Sony announced on Tuesday that its virtual reality headset for PlayStation will launch globally in October for US$399, a move that undercuts Oculus Rift, its biggest competitor, by hundreds of dollars.
Andrew House, head of Sony's gaming division, made the announcement during a press event at the Video Game Developers Conference in San Francisco, where virtual reality gaming counterpart Oculus Rift announced its headset a day earlier.
The headset, a visor-style frame with a 5.7 inch (14.5 centimetres) screen, includes 360 degree head tracking, a 100 degree field of vision and latency of 18 milliseconds between the time a user's head moves and the time they see the correct image.
House said the company wanted the highly anticipated headset released at a price point that would encourage quick and widespread adoption.
"We firmly believe getting the price right is crucial to driving consumer adoption of any new technology," House said.
At US$399,the package is notably less than the $599 price announced Monday by Facebook-owned virtual reality company Oculus Rift. Oculus will also sell bundles that include an Oculus Ready PC and a Rift for pre-order in February starting at US$1,499.
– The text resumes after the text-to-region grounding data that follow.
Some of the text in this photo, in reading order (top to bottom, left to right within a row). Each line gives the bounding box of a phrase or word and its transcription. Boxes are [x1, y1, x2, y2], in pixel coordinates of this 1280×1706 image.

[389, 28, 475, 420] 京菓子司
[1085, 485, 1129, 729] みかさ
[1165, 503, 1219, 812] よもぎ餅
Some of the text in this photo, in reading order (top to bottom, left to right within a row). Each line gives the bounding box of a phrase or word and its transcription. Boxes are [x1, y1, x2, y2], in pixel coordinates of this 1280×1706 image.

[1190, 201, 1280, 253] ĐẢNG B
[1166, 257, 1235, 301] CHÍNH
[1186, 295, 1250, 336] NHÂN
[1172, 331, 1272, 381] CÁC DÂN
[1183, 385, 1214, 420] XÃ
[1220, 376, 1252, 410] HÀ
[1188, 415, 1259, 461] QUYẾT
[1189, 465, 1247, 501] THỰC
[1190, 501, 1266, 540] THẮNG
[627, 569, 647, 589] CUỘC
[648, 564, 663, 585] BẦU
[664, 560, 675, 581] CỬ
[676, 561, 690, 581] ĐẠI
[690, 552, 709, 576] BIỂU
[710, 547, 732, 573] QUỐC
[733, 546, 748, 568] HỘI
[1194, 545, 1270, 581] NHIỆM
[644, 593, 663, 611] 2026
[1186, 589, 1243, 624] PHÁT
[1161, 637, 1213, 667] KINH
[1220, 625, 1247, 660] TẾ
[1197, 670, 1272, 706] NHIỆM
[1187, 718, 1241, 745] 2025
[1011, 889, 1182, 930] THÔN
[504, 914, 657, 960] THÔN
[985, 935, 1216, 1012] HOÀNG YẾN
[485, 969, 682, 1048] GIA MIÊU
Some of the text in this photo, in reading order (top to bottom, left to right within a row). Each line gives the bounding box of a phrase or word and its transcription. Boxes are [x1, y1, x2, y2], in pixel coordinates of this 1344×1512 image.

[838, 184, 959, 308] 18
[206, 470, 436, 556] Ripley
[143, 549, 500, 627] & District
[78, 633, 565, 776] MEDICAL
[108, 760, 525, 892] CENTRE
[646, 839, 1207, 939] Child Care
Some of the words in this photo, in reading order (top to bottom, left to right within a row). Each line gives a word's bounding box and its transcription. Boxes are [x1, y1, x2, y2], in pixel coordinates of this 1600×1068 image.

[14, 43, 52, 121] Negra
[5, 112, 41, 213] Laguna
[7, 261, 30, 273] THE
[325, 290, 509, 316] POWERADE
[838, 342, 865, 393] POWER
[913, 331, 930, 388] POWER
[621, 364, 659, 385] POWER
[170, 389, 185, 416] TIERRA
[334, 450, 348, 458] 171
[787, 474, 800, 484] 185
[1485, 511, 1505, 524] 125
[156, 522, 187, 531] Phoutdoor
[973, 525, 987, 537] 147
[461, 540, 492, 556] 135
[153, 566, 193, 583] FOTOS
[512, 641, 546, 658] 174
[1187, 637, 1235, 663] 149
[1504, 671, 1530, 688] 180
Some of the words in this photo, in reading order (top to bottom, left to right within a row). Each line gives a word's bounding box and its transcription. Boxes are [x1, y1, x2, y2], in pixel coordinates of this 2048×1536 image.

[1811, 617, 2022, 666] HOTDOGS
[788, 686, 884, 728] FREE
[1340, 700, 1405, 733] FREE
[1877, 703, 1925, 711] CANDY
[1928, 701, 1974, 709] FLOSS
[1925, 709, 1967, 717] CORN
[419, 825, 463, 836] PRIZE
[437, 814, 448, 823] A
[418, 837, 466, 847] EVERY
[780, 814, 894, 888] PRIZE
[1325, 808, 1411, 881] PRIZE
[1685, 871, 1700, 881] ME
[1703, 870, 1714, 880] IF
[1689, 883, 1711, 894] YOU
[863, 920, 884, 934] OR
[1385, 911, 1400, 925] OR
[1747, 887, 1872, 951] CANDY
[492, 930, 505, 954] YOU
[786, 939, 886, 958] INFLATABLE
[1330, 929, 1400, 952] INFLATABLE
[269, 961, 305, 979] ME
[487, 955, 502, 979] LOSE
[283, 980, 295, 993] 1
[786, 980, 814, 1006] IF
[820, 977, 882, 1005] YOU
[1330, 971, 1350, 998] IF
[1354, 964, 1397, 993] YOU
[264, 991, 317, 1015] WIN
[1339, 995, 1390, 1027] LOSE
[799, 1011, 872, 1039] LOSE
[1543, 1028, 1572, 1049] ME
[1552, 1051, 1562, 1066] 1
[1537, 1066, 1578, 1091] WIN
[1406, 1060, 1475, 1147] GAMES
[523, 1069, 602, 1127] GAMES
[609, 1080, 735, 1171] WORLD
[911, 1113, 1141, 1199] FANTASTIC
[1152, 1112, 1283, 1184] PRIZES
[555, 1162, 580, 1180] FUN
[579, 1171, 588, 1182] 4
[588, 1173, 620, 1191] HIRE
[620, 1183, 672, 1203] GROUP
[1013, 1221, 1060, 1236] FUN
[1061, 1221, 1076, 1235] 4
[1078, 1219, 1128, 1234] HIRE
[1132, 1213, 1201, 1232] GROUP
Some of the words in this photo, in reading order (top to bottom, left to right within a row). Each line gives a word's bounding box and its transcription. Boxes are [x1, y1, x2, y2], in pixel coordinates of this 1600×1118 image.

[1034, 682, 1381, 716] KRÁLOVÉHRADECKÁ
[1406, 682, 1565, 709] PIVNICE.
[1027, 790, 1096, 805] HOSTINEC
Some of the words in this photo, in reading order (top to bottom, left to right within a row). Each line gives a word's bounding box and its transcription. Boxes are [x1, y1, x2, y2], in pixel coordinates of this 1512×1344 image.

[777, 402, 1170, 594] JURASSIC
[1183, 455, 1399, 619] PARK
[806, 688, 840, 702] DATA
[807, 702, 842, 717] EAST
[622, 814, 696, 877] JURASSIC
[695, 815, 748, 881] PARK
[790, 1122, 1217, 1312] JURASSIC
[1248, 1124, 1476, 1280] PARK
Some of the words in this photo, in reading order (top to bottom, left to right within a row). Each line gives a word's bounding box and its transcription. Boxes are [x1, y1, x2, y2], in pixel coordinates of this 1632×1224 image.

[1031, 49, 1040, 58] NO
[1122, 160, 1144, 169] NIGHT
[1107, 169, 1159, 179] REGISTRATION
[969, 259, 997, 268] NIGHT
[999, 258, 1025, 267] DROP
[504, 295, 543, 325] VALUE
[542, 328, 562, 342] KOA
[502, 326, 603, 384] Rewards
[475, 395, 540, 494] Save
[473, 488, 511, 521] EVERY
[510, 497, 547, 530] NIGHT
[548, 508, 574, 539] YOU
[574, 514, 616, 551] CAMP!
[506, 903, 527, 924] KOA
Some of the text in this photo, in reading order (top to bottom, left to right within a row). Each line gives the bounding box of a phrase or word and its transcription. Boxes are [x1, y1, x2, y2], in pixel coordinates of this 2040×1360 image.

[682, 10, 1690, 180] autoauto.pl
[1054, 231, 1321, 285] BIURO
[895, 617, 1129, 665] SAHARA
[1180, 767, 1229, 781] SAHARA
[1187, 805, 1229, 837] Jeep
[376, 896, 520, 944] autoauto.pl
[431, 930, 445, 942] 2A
Price is one factor but the amount of gaming content available will be "a strong factor in engaging fans," said Tony Key, senior vice president of sales and marketing at game developer Ubisoft.
Ubisoft's Eagle Flight and Werewolves Within titles are both set to launch for PlayStation VR this fall.
"Ultimately the customers will decide on what price point works for them as their entry point into VR," he said.
The company said more than 230 developers are building content for the PlayStation VR device and 50 games are expected to be ready by the launch date. Users can download the Playroom VR at the PlayStation store and play six free games.
The company has also teamed up with development company EA Sports and Lucasfilm for a Star Wars Battlefront game that will be released as a PlayStation VR exclusive.